But the property of the Church was derived, also, from other less turbid sources: men gave away their possessions and even their persons in exchange for her temporal protection.

“The major part of the acts of voluntary slavery (obnoxatio), says Guérard, were prompted by the spirit of devotion, and by the indulgence practised by the bishops and abbots towards their serfs, and by the benefits which the law accorded them.” [17]

The serfs and vassals of the Church and monasteries enjoyed equal privileges with those belonging to the king; they were entitled to a threefold compensation in case of injury, damage, or death.
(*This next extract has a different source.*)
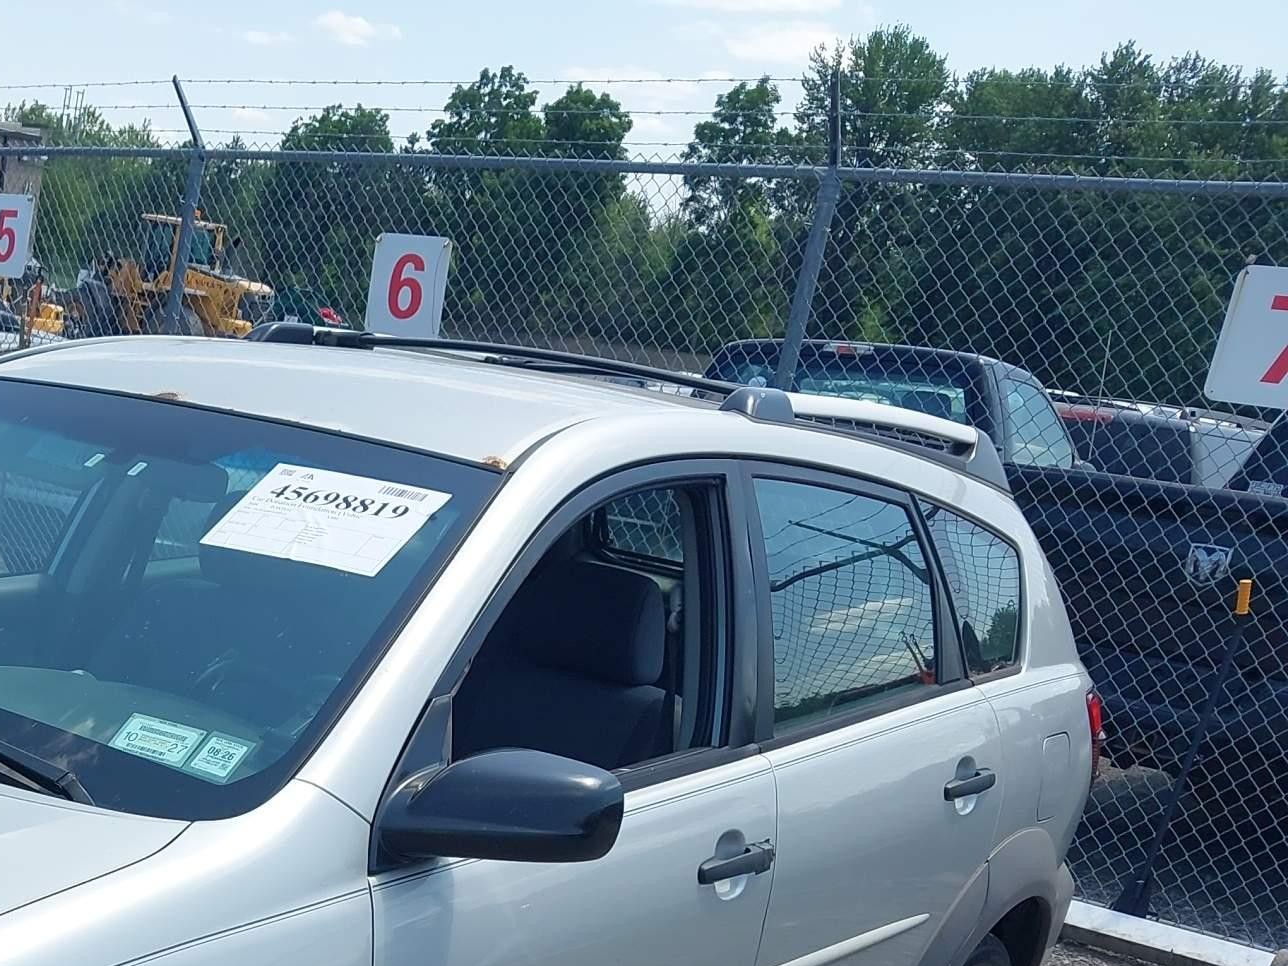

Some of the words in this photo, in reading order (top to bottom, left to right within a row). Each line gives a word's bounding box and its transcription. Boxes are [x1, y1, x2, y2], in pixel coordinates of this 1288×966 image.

The king and the Church undertook to prosecute the culprit, whereas, ordinarily, that was the business of the family of the injured person.

The convents were fortified places able to sustain regular sieges, and the monks were experts in the use of arms. At Hastings, churchmen fought on both sides; the Abbey of Hida, a convent situated in Winchester, had brought Harold a contingent of twelve monks, who all fell fighting. The high dignitaries of the church were military chieftains, who laid down their cross and chasuble to grasp a sword and don a cuirass. Many, like the Bishop of Cahors, when they officiated, solemnly deposited on the altar their casque, cuirass, sword, and iron gauntlet. Roland at Roncevalles says to Oliver, in praise of Archbishop Turpin:

“Li arceves ques est mult bons chevaliers:
Nen ad meilleur en terre, desuz ciel,
Bien set ferir e de lance e d’espiet.”

In their enthusiasm for his prowess,

“Dient Francais: ‘Ci ad grant vasselage,
En l’arceves que est bien la croce salve,
Kar placet Dieu qu’assez de tels ait Carles’.” [18]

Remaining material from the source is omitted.